Exercise description - Leaving out the images, please output every entry exactly as it appears.

Supplied entries -

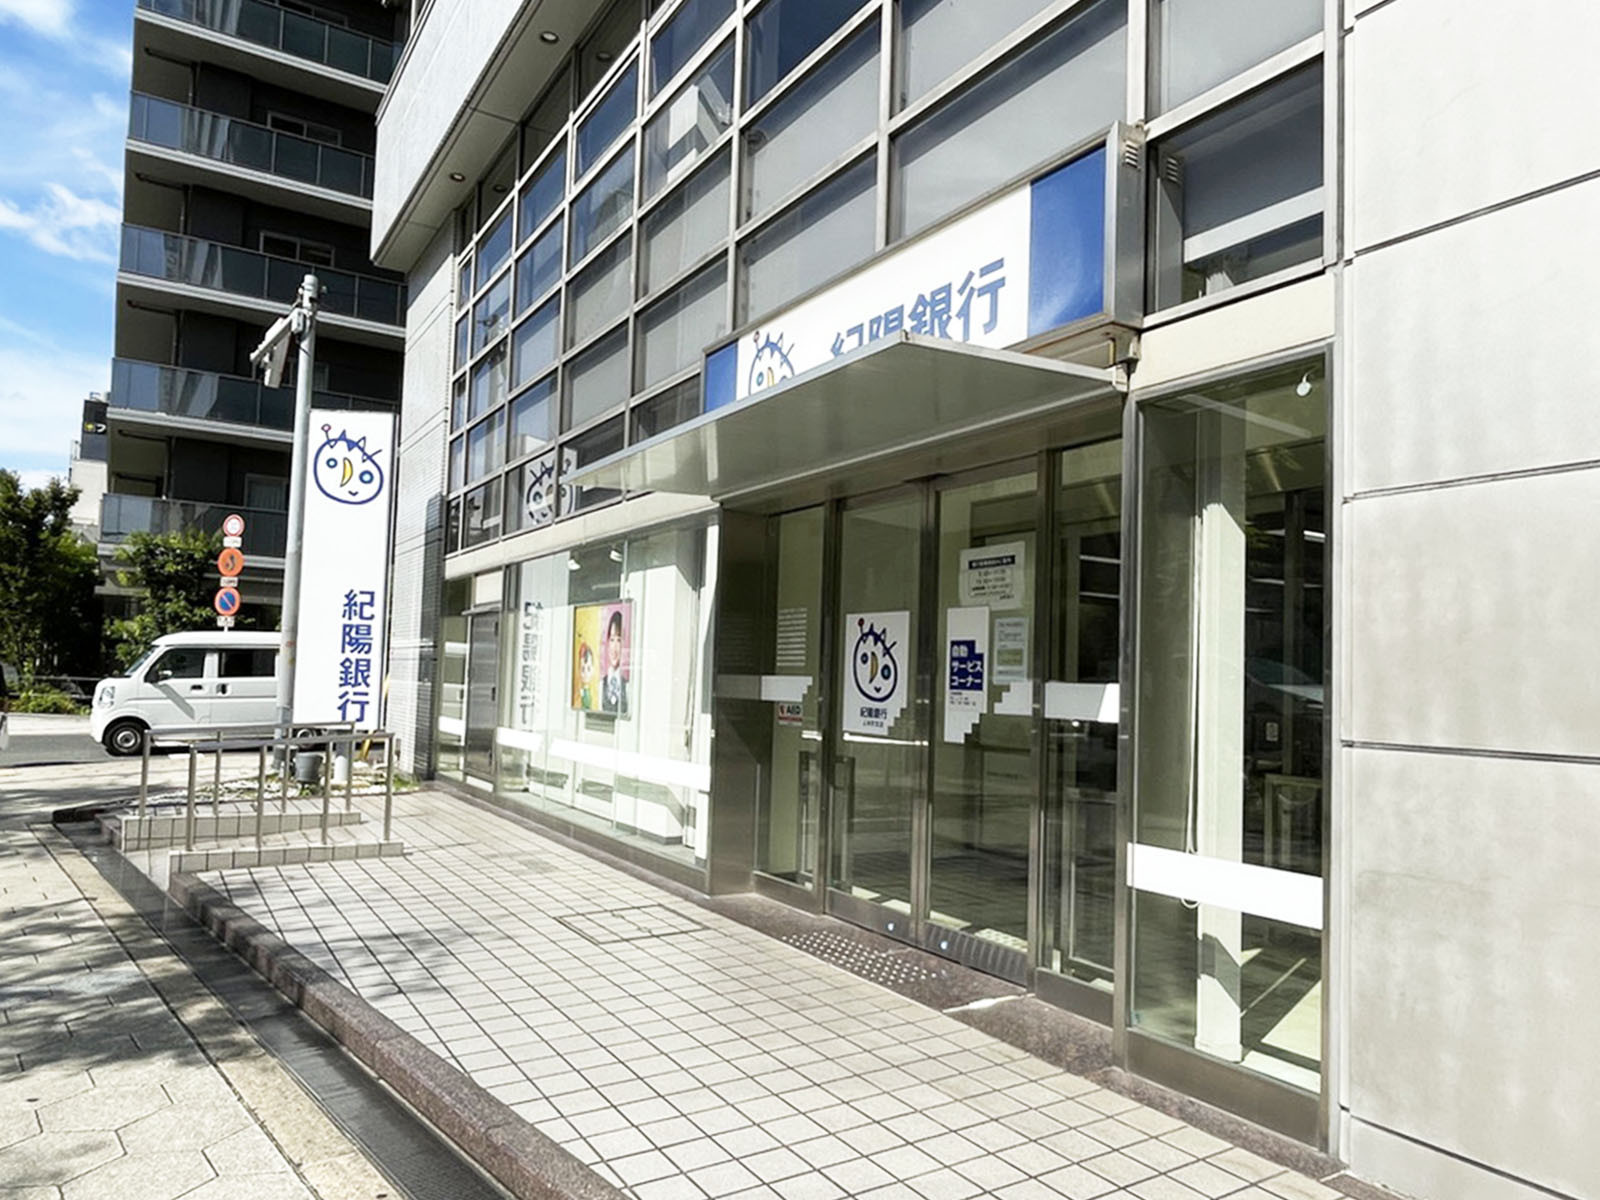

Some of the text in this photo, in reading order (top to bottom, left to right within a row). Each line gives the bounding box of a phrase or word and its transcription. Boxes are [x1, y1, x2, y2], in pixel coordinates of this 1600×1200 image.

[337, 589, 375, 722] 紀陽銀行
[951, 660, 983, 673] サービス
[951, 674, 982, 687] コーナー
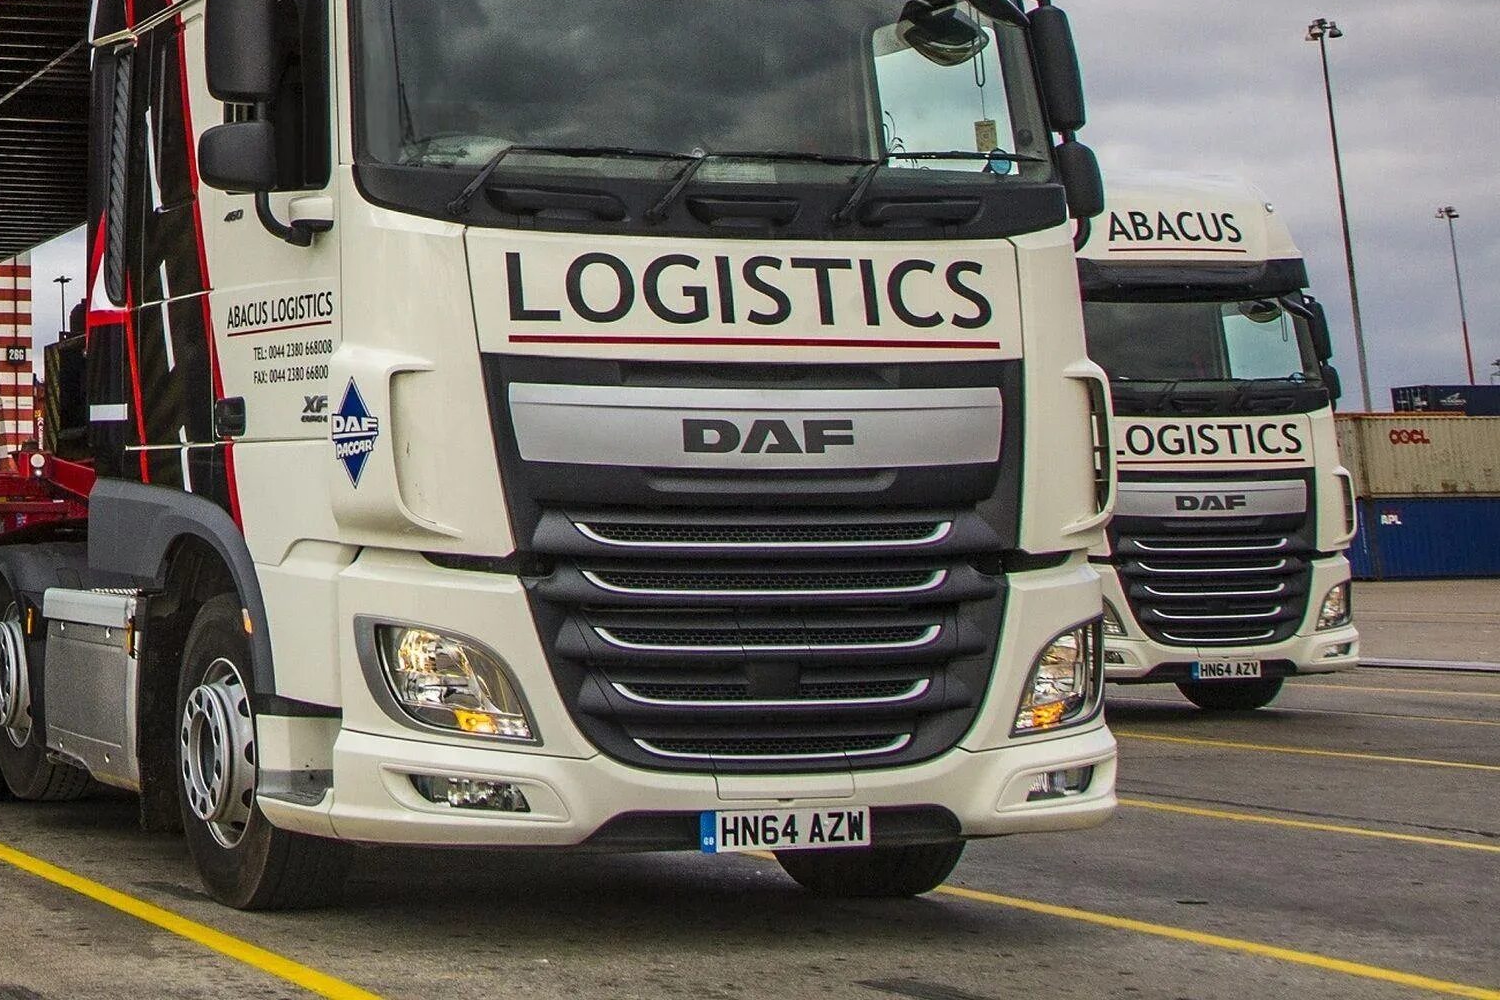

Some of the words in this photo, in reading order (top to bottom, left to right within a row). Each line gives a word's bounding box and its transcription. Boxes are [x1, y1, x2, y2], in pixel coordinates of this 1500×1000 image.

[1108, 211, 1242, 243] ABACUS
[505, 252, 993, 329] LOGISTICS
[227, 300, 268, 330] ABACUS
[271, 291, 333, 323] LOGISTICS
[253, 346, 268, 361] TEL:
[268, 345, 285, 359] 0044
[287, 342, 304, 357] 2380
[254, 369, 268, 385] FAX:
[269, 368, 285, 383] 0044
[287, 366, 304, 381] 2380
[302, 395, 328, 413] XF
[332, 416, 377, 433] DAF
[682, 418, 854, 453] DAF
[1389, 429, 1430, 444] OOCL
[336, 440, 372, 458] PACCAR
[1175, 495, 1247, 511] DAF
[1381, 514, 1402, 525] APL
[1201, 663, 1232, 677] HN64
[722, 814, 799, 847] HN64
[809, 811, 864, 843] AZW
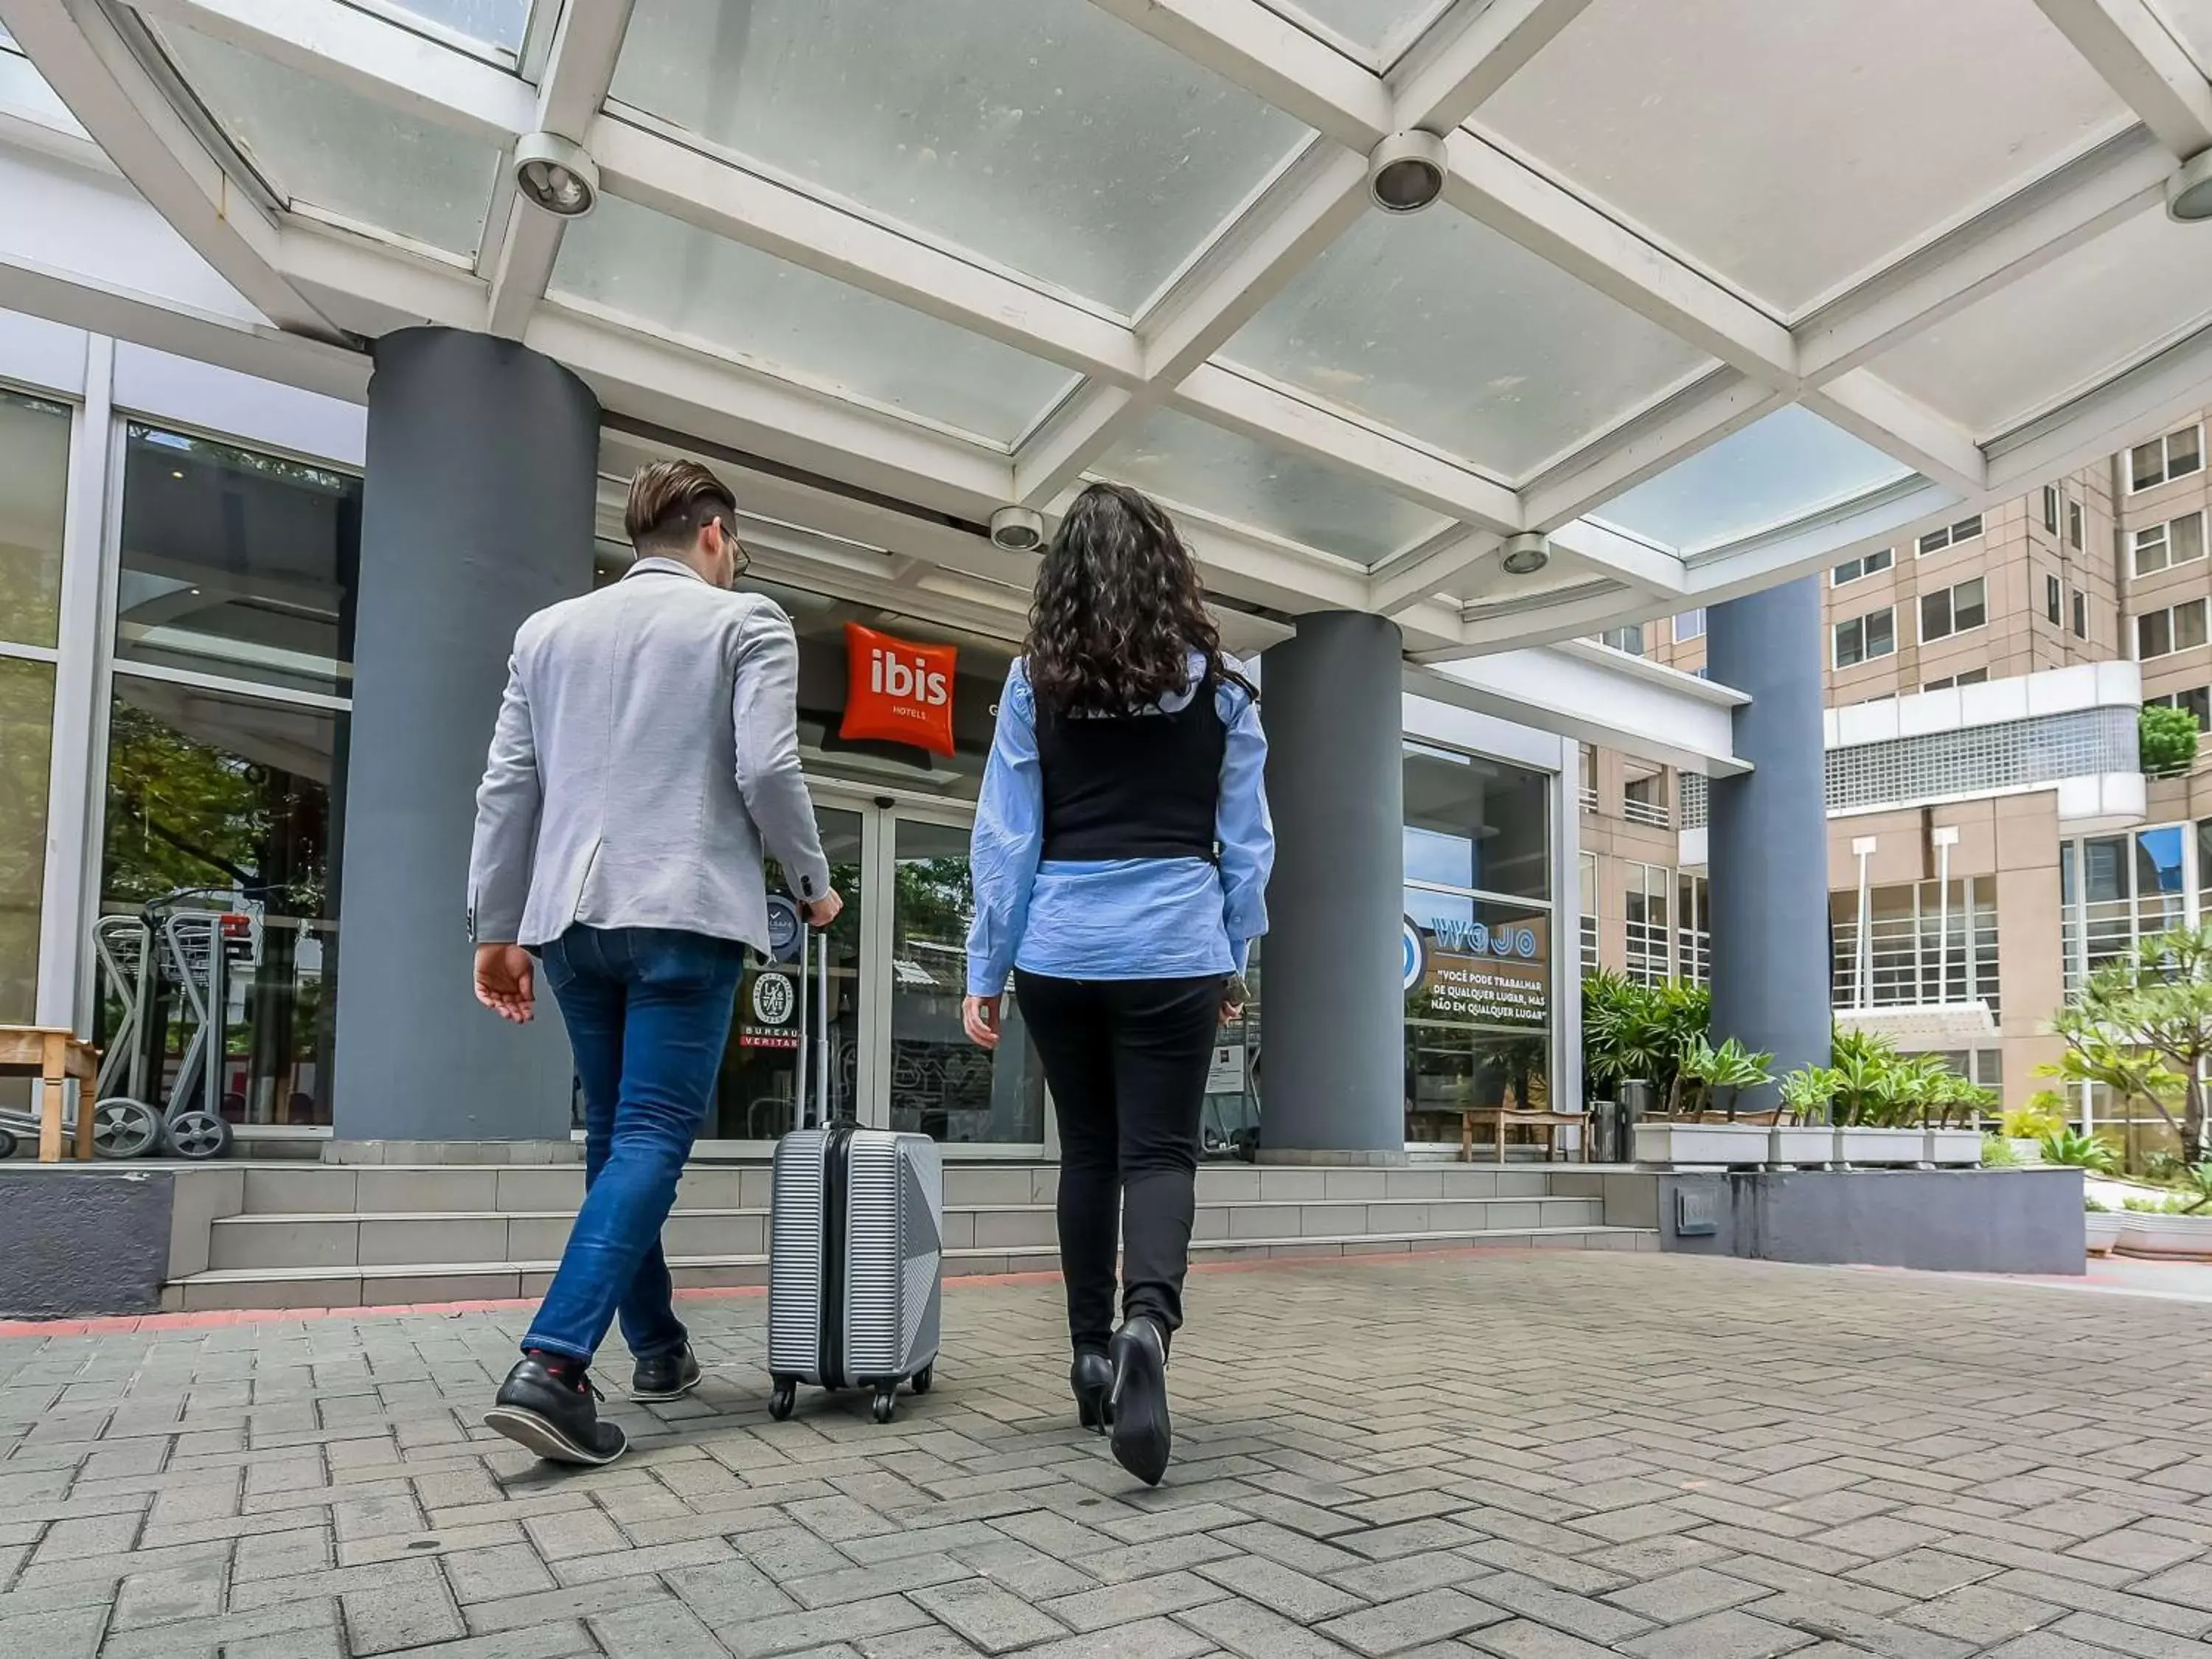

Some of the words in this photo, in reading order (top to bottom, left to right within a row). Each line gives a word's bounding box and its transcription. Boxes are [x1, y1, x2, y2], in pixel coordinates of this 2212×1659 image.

Response to this task -
Some of the text in this photo, in reading order (top to bottom, left to right within a row). Each line gives the bounding box of a phrase or word and its transcription. Boxes are [x1, y1, x2, y2], in pixel coordinates of this 1600×1200 image.

[337, 589, 375, 722] 紀陽銀行
[951, 660, 983, 673] サービス
[951, 674, 982, 687] コーナー

Some of the words in this photo, in reading order (top to bottom, left to right within a row). Each line gives a word's bounding box and its transcription. Boxes are [x1, y1, x2, y2], in pixel coordinates of this 1500×1000 image.

[1108, 211, 1242, 243] ABACUS
[505, 252, 993, 329] LOGISTICS
[227, 300, 268, 330] ABACUS
[271, 291, 333, 323] LOGISTICS
[253, 346, 268, 361] TEL:
[268, 345, 285, 359] 0044
[287, 342, 304, 357] 2380
[254, 369, 268, 385] FAX:
[269, 368, 285, 383] 0044
[287, 366, 304, 381] 2380
[302, 395, 328, 413] XF
[332, 416, 377, 433] DAF
[682, 418, 854, 453] DAF
[1389, 429, 1430, 444] OOCL
[336, 440, 372, 458] PACCAR
[1175, 495, 1247, 511] DAF
[1381, 514, 1402, 525] APL
[1201, 663, 1232, 677] HN64
[722, 814, 799, 847] HN64
[809, 811, 864, 843] AZW

Some of the words in this photo, in reading order (top to bottom, left to right within a row). Each line gives a word's bounding box and its transcription. Boxes are [x1, y1, x2, y2], in pixel coordinates of this 2212×1659 image.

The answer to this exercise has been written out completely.